● **RECORDS**:
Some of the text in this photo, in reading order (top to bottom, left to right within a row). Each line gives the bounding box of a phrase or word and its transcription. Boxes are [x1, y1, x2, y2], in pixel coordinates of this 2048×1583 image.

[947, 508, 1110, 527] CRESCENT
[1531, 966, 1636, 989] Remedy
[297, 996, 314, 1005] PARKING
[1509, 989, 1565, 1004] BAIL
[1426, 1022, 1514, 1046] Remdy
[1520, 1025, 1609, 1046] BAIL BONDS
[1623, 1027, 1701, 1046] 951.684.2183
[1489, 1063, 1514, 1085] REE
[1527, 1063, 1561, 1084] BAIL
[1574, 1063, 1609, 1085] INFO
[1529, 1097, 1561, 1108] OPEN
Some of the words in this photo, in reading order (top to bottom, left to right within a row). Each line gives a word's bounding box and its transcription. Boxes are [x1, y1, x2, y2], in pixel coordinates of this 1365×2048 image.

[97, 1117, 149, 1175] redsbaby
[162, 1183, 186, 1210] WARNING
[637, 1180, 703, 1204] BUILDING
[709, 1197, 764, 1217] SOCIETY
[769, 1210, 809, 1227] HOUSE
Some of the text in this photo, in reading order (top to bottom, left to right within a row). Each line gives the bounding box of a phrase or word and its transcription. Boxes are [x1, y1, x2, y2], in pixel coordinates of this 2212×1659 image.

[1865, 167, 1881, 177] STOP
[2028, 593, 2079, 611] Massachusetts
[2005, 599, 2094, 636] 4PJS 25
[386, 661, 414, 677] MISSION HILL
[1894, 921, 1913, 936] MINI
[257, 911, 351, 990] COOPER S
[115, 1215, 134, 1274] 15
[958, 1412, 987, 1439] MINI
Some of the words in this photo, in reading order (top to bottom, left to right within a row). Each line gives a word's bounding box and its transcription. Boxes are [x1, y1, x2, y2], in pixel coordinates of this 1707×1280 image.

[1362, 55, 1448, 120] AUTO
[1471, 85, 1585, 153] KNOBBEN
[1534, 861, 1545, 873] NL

● **WHAT YOU WILL DO**: Give back the listing exactly.

● **SOLUTION TO THIS TASK**:
Some of the text in this photo, in reading order (top to bottom, left to right within a row). Each line gives the bounding box of a phrase or word and its transcription. Boxes are [x1, y1, x2, y2], in pixel coordinates of this 2048×1583 image.

[947, 508, 1110, 527] CRESCENT
[1531, 966, 1636, 989] Remedy
[297, 996, 314, 1005] PARKING
[1509, 989, 1565, 1004] BAIL
[1426, 1022, 1514, 1046] Remdy
[1520, 1025, 1609, 1046] BAIL BONDS
[1623, 1027, 1701, 1046] 951.684.2183
[1489, 1063, 1514, 1085] REE
[1527, 1063, 1561, 1084] BAIL
[1574, 1063, 1609, 1085] INFO
[1529, 1097, 1561, 1108] OPEN
Some of the words in this photo, in reading order (top to bottom, left to right within a row). Each line gives a word's bounding box and its transcription. Boxes are [x1, y1, x2, y2], in pixel coordinates of this 1365×2048 image.

[97, 1117, 149, 1175] redsbaby
[162, 1183, 186, 1210] WARNING
[637, 1180, 703, 1204] BUILDING
[709, 1197, 764, 1217] SOCIETY
[769, 1210, 809, 1227] HOUSE
Some of the text in this photo, in reading order (top to bottom, left to right within a row). Each line gives the bounding box of a phrase or word and its transcription. Boxes are [x1, y1, x2, y2], in pixel coordinates of this 2212×1659 image.

[1865, 167, 1881, 177] STOP
[2028, 593, 2079, 611] Massachusetts
[2005, 599, 2094, 636] 4PJS 25
[386, 661, 414, 677] MISSION HILL
[1894, 921, 1913, 936] MINI
[257, 911, 351, 990] COOPER S
[115, 1215, 134, 1274] 15
[958, 1412, 987, 1439] MINI
Some of the words in this photo, in reading order (top to bottom, left to right within a row). Each line gives a word's bounding box and its transcription. Boxes are [x1, y1, x2, y2], in pixel coordinates of this 1707×1280 image.

[1362, 55, 1448, 120] AUTO
[1471, 85, 1585, 153] KNOBBEN
[1534, 861, 1545, 873] NL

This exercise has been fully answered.